Where an image occurs, skip it and print the rest of the records verbatim.

══ EXERCISE INPUTS

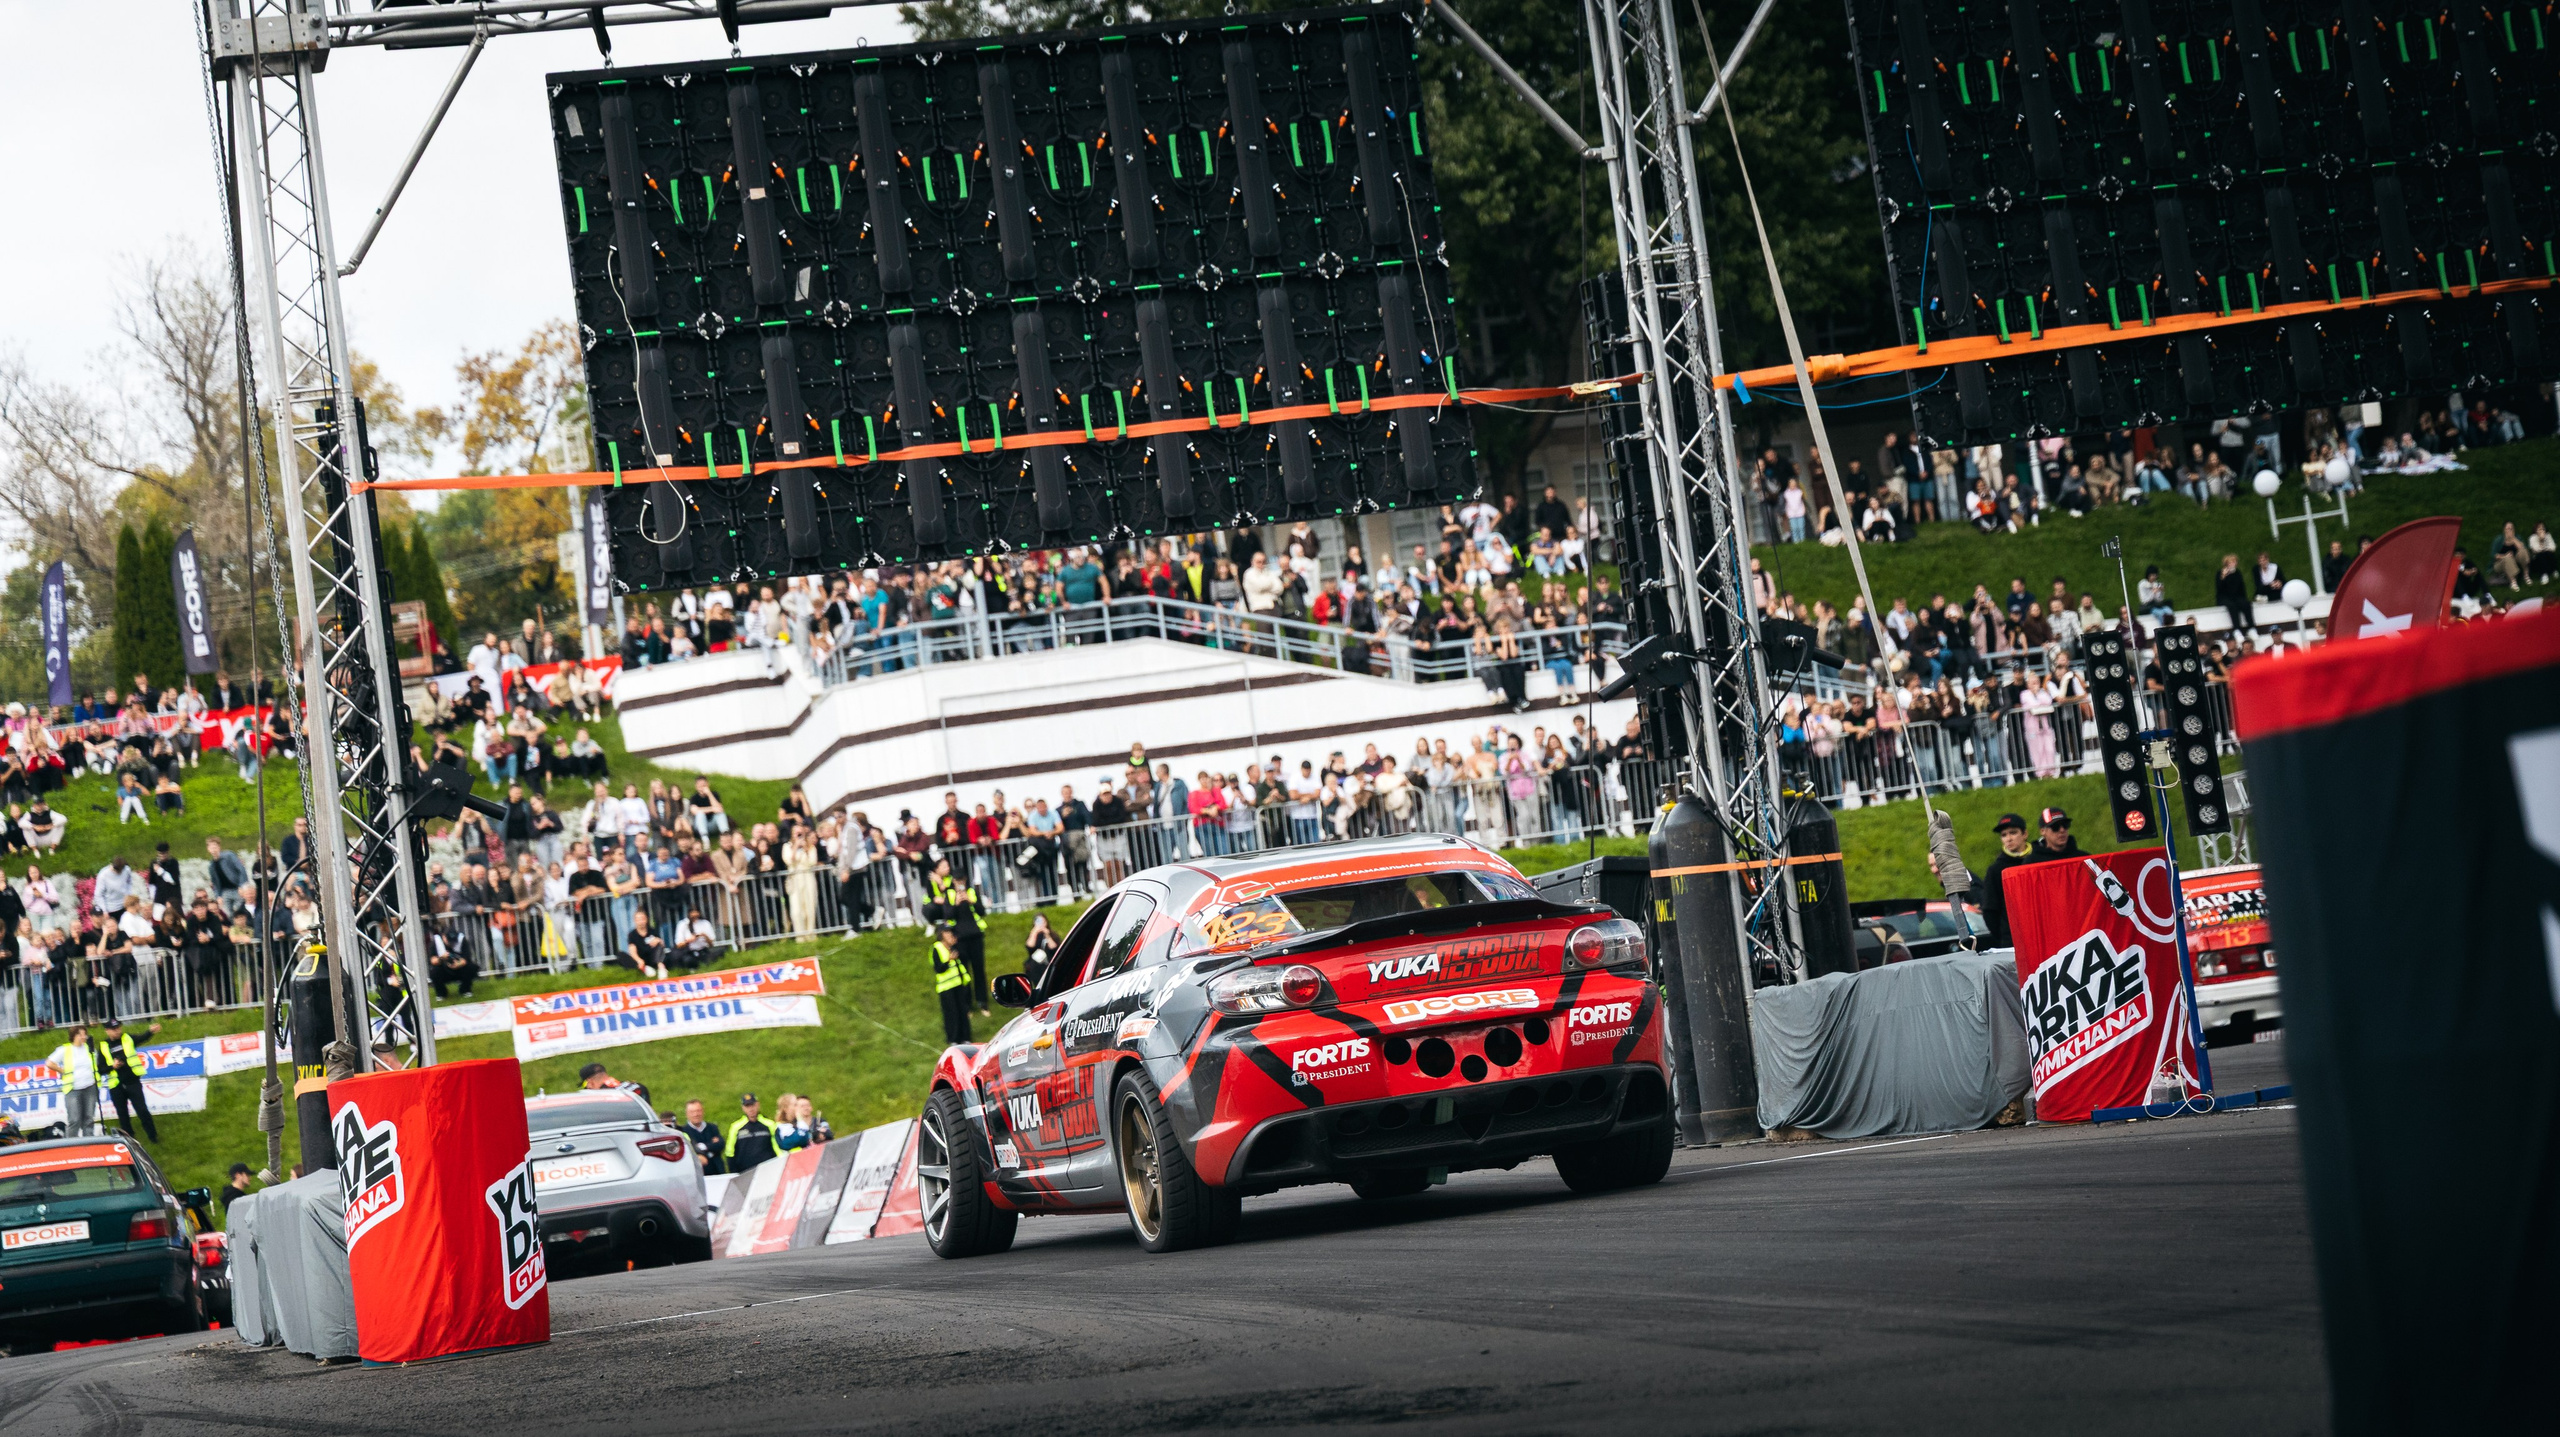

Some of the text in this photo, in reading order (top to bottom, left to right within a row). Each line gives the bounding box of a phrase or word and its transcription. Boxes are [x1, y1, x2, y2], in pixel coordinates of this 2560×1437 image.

[1201, 911, 1292, 948] 123
[2216, 927, 2251, 947] 13
[1368, 953, 1440, 983] YUKA
[2022, 936, 2116, 1032] YUKA
[582, 998, 752, 1035] DINITROL
[1568, 1002, 1632, 1028] FORTIS
[2028, 952, 2144, 1067] DRIVE
[1586, 1026, 1635, 1042] PRESIDENT
[2034, 1002, 2142, 1087] GYMKHANA
[1292, 1038, 1370, 1071] FORTIS
[1309, 1063, 1372, 1081] PRESIDENT
[1008, 1093, 1043, 1131] YUKA
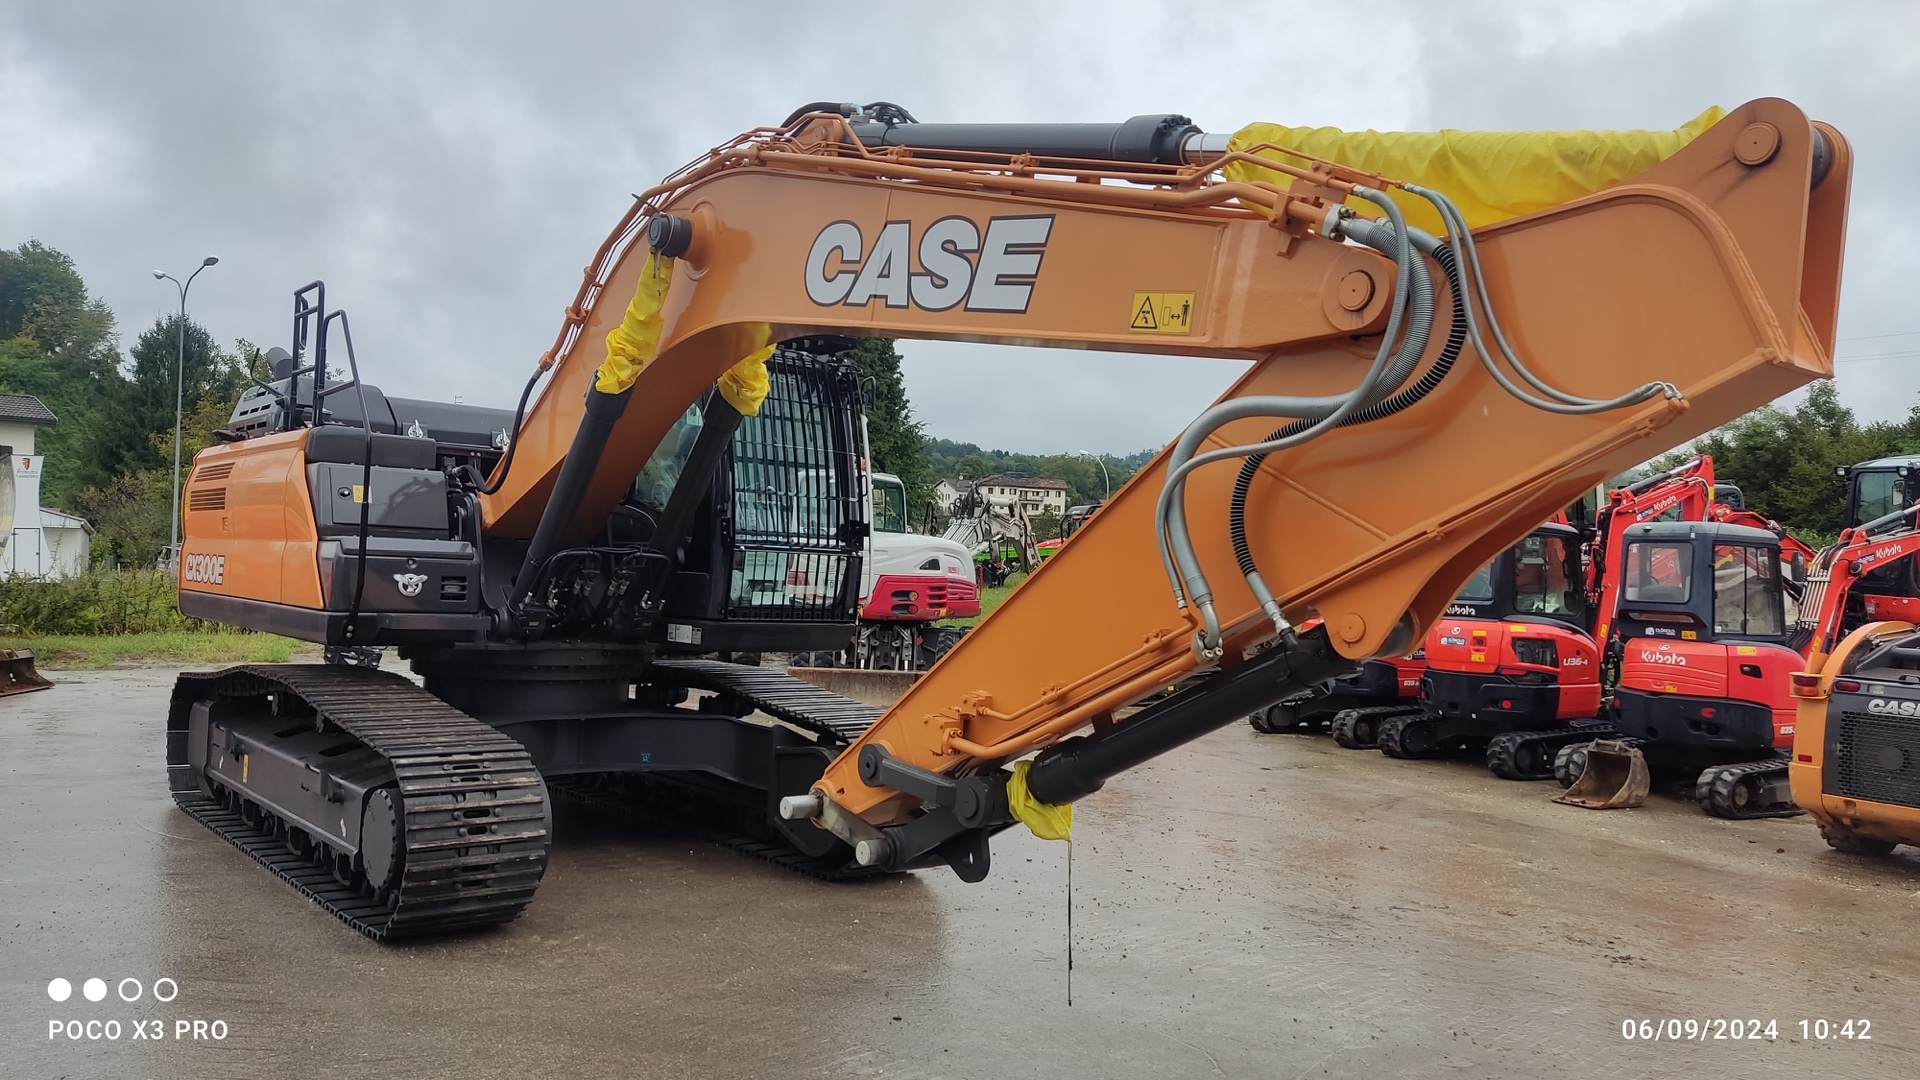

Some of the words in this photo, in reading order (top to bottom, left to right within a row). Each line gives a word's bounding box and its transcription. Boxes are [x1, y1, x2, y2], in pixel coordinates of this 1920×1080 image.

[804, 214, 1056, 313] CASE
[1653, 495, 1677, 511] Kubota
[1876, 543, 1902, 559] Kubota
[185, 553, 225, 585] CX300E
[1563, 657, 1588, 667] U36-4
[1641, 650, 1686, 666] Kubota

════

ANSWER TO THIS PROBLEM -
Some of the text in this photo, in reading order (top to bottom, left to right within a row). Each line gives the bounding box of a phrase or word and its transcription. Boxes are [x1, y1, x2, y2], in pixel coordinates of this 2560×1437 image.

[1201, 911, 1292, 948] 123
[2216, 927, 2251, 947] 13
[1368, 953, 1440, 983] YUKA
[2022, 936, 2116, 1032] YUKA
[582, 998, 752, 1035] DINITROL
[1568, 1002, 1632, 1028] FORTIS
[2028, 952, 2144, 1067] DRIVE
[1586, 1026, 1635, 1042] PRESIDENT
[2034, 1002, 2142, 1087] GYMKHANA
[1292, 1038, 1370, 1071] FORTIS
[1309, 1063, 1372, 1081] PRESIDENT
[1008, 1093, 1043, 1131] YUKA

Some of the words in this photo, in reading order (top to bottom, left to right within a row). Each line gives a word's bounding box and its transcription. Boxes are [x1, y1, x2, y2], in pixel coordinates of this 1920×1080 image.

[804, 214, 1056, 313] CASE
[1653, 495, 1677, 511] Kubota
[1876, 543, 1902, 559] Kubota
[185, 553, 225, 585] CX300E
[1563, 657, 1588, 667] U36-4
[1641, 650, 1686, 666] Kubota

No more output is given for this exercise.